RSU Kab. Sumedang diduga telah melakukan penyimpangan penggunaan dana Program Kompensasi Pengurangan Subsidi Bahan Bakar Minyak (PKPS BBM) Bidang Kesehatan tahun 2003. Dugaan itu berdasarkan laporan hasil audit kinerja yang dilakukan Badan Pengawasan Keuangan dan Pembangunan (BPKP) Perwakilan Provinsi Jawa Barat.

Menurut hasil audit BPKP, RSU yang menerima dana PKPS BBM tahun 2003 sebesar Rp 765.027.000, 62,18% dari dana itu digunakan tidak sesuai kriteria yang ditetapkan. Seperti RSU mengklaim dana PKPS BBM untuk pelayanan yang telah diberikan pada tahun 2002 dan klaim penggunaan darah di luar tarif Paket Pelayanan Esensial (PPE).

Kemudian RSU menerapkan klaim berdasarkan tarif PPE, tetapi tidak sesuai pedoman PKPS BBM yang seharusnya setara dengan biaya pelayanan kelas III dan klaim berdasarkan pelayanan nyata (service cost) yang benar-benar diberikan, bukan berdasarkan paket. Menanggapi dugaan tersebut, Ketua DPRD Sumedang Drs. H. Endang Sukandar mengatakan pihak dewan akan meminta penjelasan seputar masalah tersebut dari Direktur RSU Sumedang melalui bupati.

Apabila benar terjadi penyimpangan, pihak dewan bisa saja meminta bupati memberikan sanksi berdasarkan ketentuan PP 30 tentang disiplin pegawai negeri dan menyetop budget anggaran dari APBD kabupaten kepada RSU Sumedang. Namun, untuk menyetop budget anggaran ini, kami harus berhati-hati sekali, terutama bagaimana dampaknya untuk kepentingan pelayanan terhadap masyarakat. Jangan sampai akibat disetopnya angaran ini mengakibatkan kerugian bagi pelayanan pada masyarakat, ujar Endang.
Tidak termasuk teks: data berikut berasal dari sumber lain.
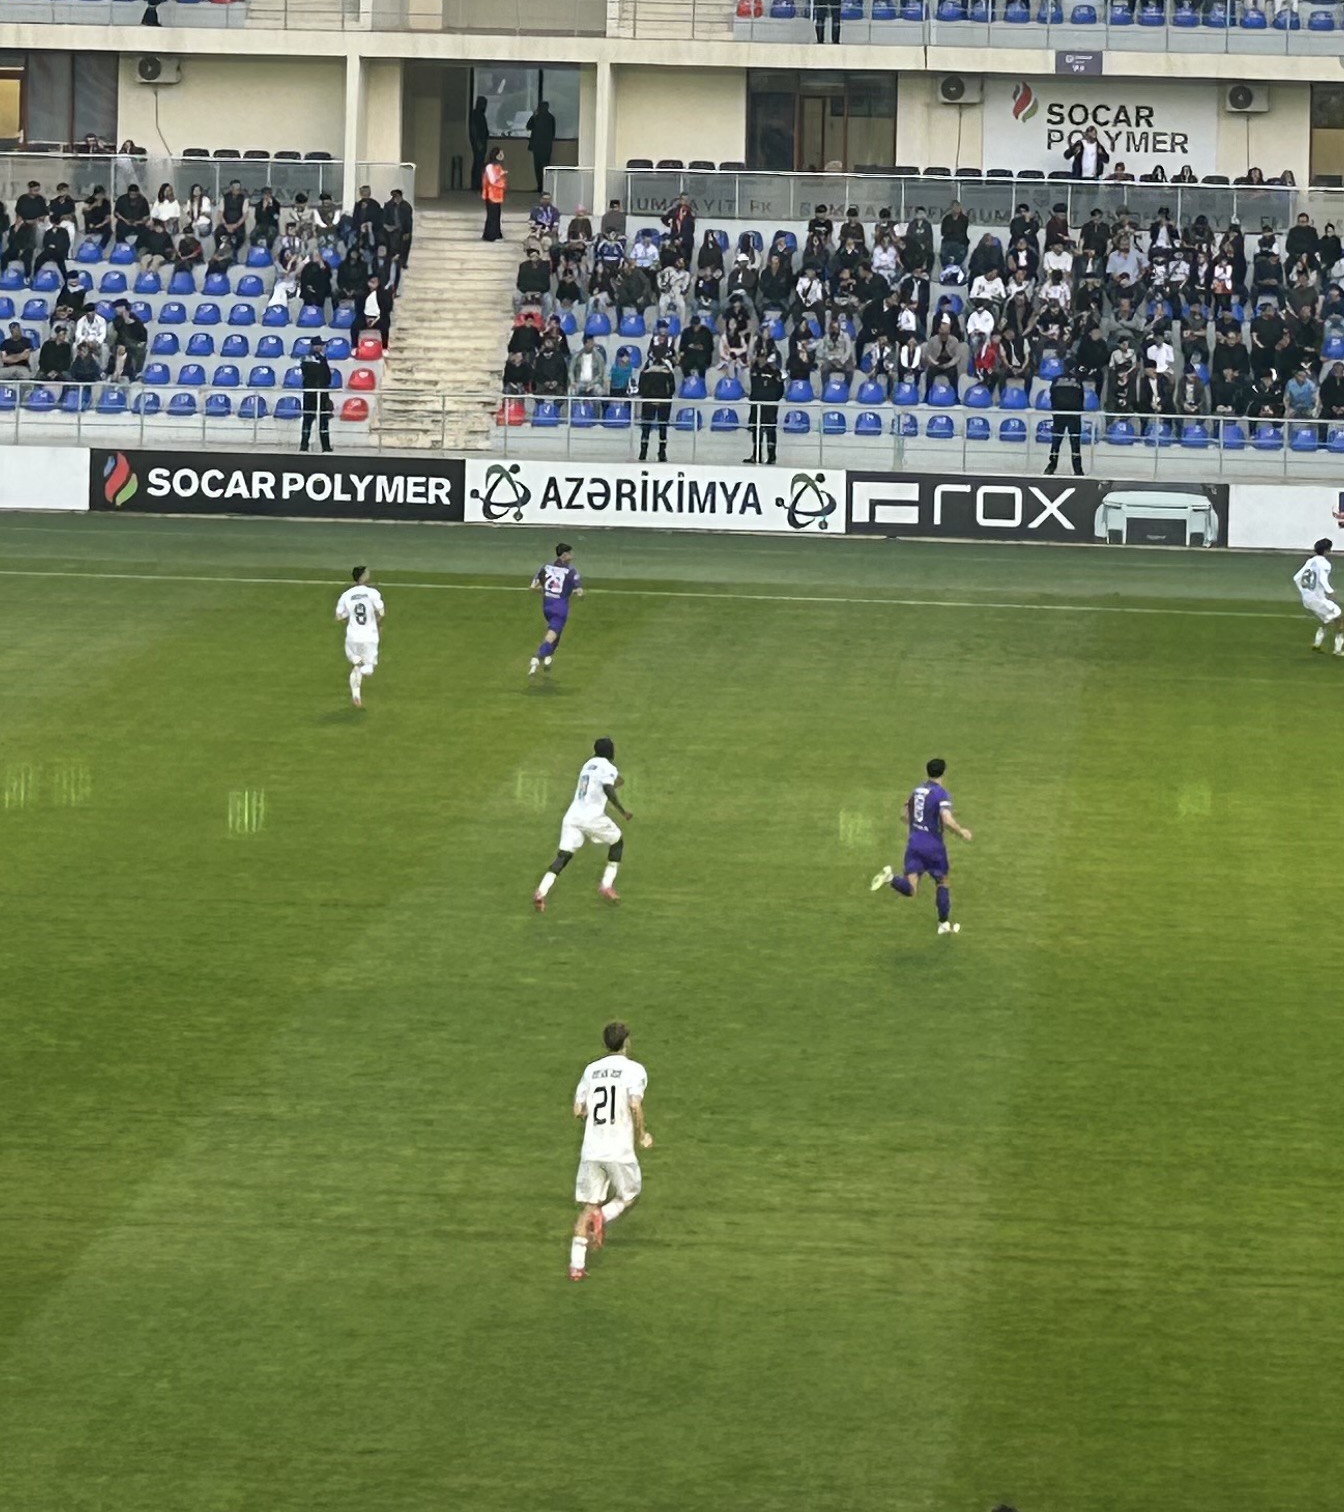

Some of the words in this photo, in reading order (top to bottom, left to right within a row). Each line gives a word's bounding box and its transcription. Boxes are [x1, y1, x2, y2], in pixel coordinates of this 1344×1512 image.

[1046, 102, 1155, 128] SOCAR
[1046, 129, 1189, 154] POYMER
[146, 467, 276, 500] SOCAR
[281, 472, 452, 506] POLYMER
[540, 470, 763, 516] AZƏRİKİMYA
[593, 1085, 617, 1126] 21
Bupati Sumedang Don Murdono, S.H., M.Si. ketika dikonfirmasi PR melalui telefon, menyebutkan bahwa dia memang sudah menerima laporan dari BPKP tersebut dan akan memintakan klarifikasi dari direktur RSU. Jika benar terjadi penyimpangan, bupati akan memberi sanksi. Sanksi itu bisa berupa administratif, bisa juga diproses secara hukum, bergantung kesalahannya.

Dibantah

Adanya dugaan penyimpangan dana tersebut dibantah Direktur RSU setempat, Hj. Tuty Sugiharti Djamhur. Menurutnya, BPKP tidak menyebutkan adanya penyimpangan dana tersebut yang ada perbedaan persepsi tentang penggunaan tarif berdasarkan Paket Pelayanan Esensial (PPE) antara pihak BPKP dan pihak RSU Sumedang.

Menurut Tuty, berdasarkan pedoman dan petunjuk teknis serta sosialisasi dari Depkes, penggunaan tarif PPE yang diberlakukan di RSU sesuai dengan pelayanan nyata (service cost) yang diberikan kepada pasien keluarga miskin (gakin). Seperti tarif jasa dalam PPE dimaksud termasuk jasa atas pemeriksaan dokter dan pelayanan lainnya seperti pelayanan laboratorium dihitung berdasarkan harga riil.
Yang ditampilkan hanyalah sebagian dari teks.